Para evitar polêmicas, deixo claro aqui que a grande maioria destes argumentos vale também para os homens que desejam se esterilizar. Apesar de, por questões biológicas, o homem ter uma relação menos simbiótica com o filho, ele também tem direito de propriedade sobre seu corpo e pode ter suas aspirações parentais, sejam elas quais forem.

As arbitrariedades nesta lei são tamanhas e tão numerosas que torna-se difícil acreditar como isso foi aprovado por um sistema republicano democratico e bicameral em pleno final do século XX. Podemos iniciar indagando: por que a idade mínima para esterilização é de 25 anos (se a maioridade já é de 18 anos)?
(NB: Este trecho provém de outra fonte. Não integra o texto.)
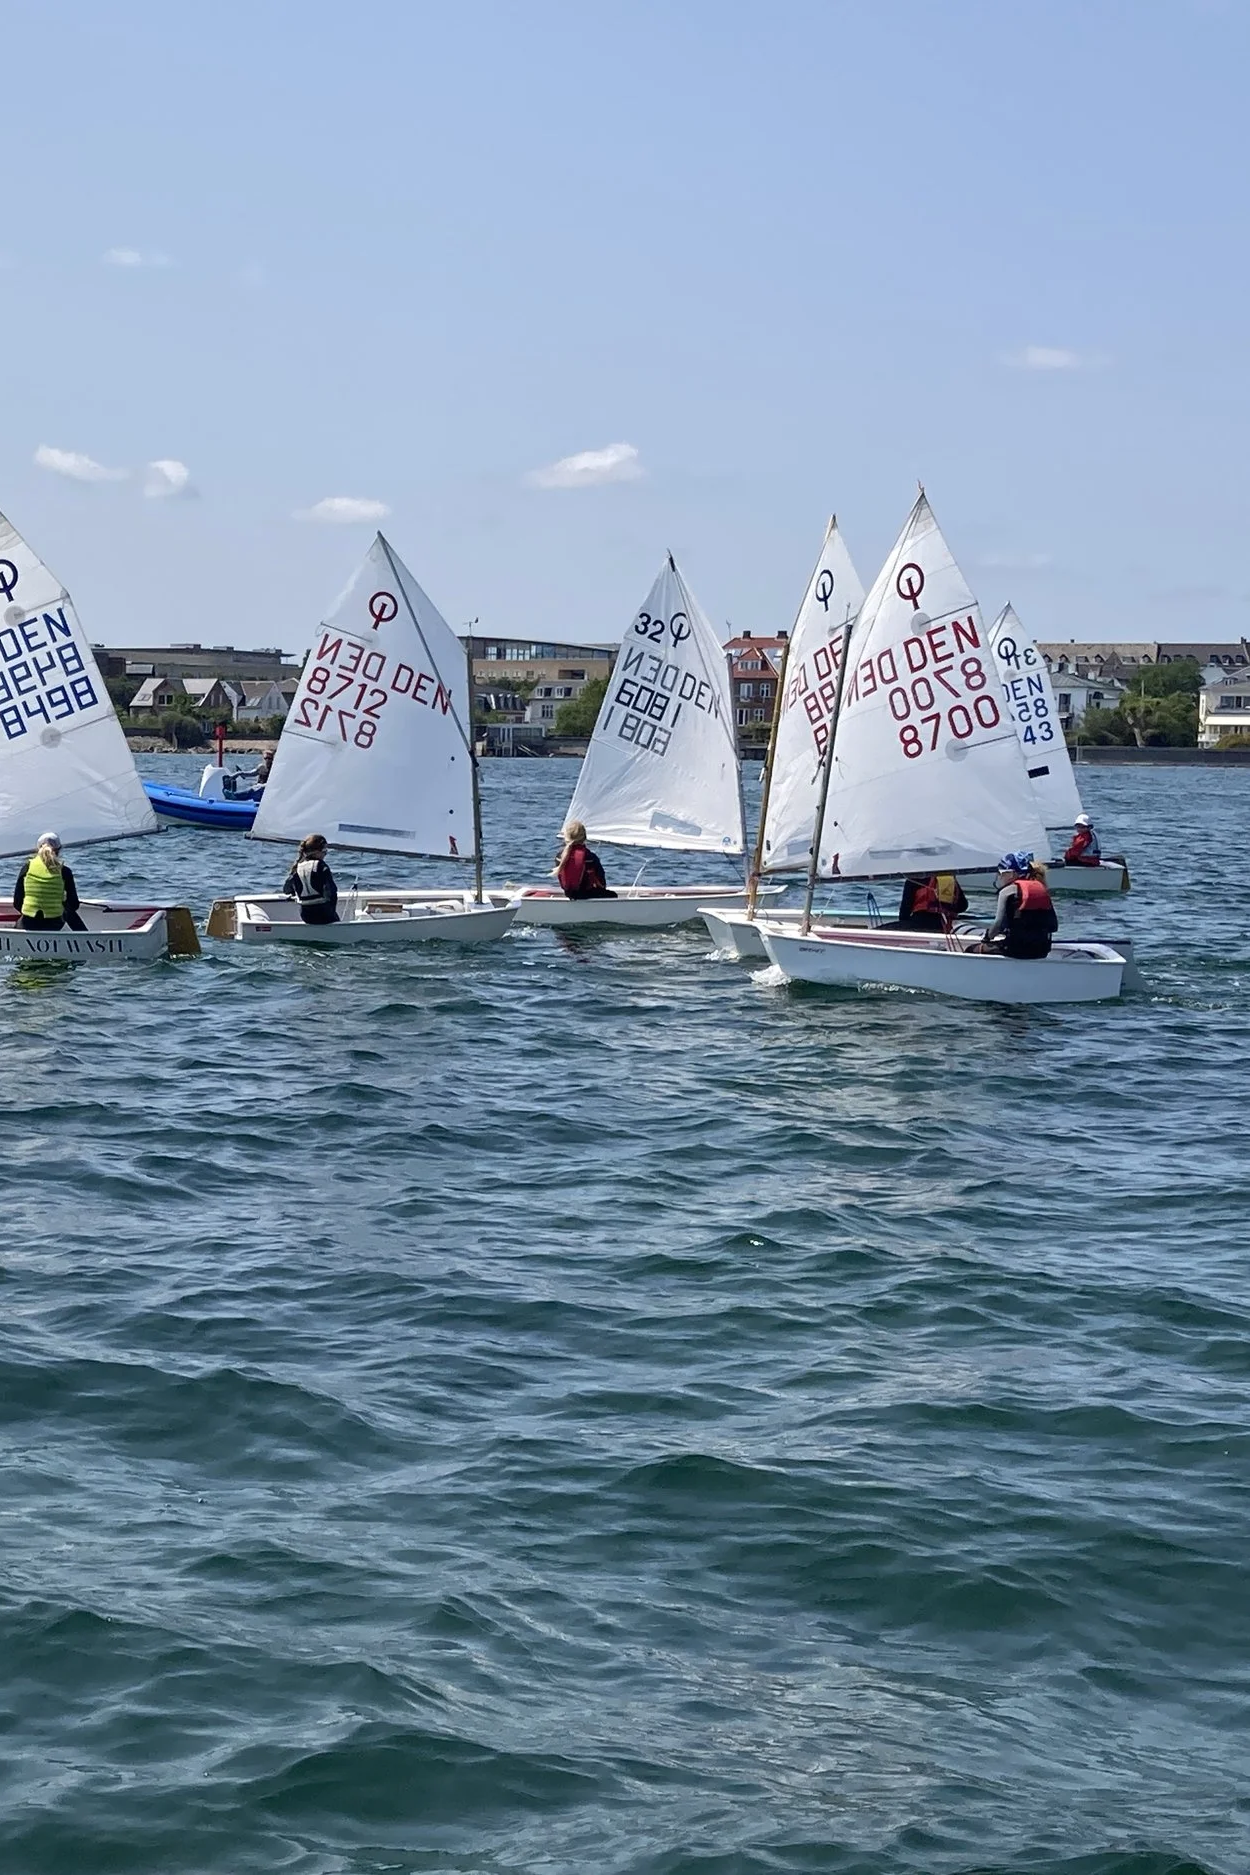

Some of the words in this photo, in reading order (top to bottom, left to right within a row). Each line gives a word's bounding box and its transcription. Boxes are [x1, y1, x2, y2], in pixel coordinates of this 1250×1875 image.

Com 24 somos menos maduros? E porque são necessários dois filhos vivos? Para uma família de baixa renda, um pode bastar. São arbitrariedades aleatórias que não se embasam em qualquer conceito lógico para serem impostas. A proibição do procedimento de esterilização durante um procedimento cirúrgico é prova maior de que, ao menos do ponto de vista médico, a lei em questão não segue embasamentos científico algum.

O caráter maligno e opressor do governo brasileiro é tão gigante que ele te oprime. O estado também terceiriza a opressão do indivíduo quando impõe que é necessária a autorização explícita do cônjuge para realizar a esterilização. Seria o casamento um contrato de cumplicidade e afeto ou uma subserviência? Somos não apenas parceiros de nossas esposas e maridos, mas também propriedade destes? Cada indivíduo é um ser único, proprietário de si mesmo e jamais de terceiros. Nenhum casamento pode impor desejos alheios sobre o corpo de uma pessoa. O nome disso é escravidão. Fica claro aqui como o estado ajuda, inclusive a degenerar a instituição milenar que é o casamento.

Muitos podem tentar argumentar que a lei do planejamento familiar também tenta evitar que o indivíduo tome decisões precipitadas. Uma esterilização cirúrgica (como a laqueadura tubária e a vasectomia) são métodos irreversíveis. O esterilizado pode arrepender-se posteriormente. Mas isso justifica sermos impedidos de tomar decisões? Uma criança arrepende-se de ter subido na árvore depois que caiu, assim como um adulto arrepende-se de ter feito determinado investimento após ver o prejuízo. Viver é, a todo tempo, correr risco de se arrepender posteriormente. Algumas ações possuem um menor risco de falha e outras um risco maior. No entanto, somos adultos com cognição mínima para calcular tais riscos. Toda falha de nossas ações serão arcadas por nós, como já ocorre cotidianamente na sociedade de um modo geral. Tentar desestimular uma pessoa a realizar esterilização por 60 dias é tratá-la como criança, é presumir que ela não toma decisões de forma racional. 

Um ser humano adulto estéril é um gado reprodutor a menos para o estado. O hipotético filho, que o indivíduo estéril teria, seria um contribuinte de impostos a mais. Os governantes não querem uma população jovem retraída que trabalha pouco e gera menos arrecadação para a máquina governamental. Por outro lado, não podemos abrir mão da liberdade que temos perante nosso corpo, nossa principal propriedade privada. A luta pela derrubada dos artigos que tratam da esterilização na lei do planejamento familiar é um imperativo ético de todos os indivíduos. Esta agressão institucional precisa acabar!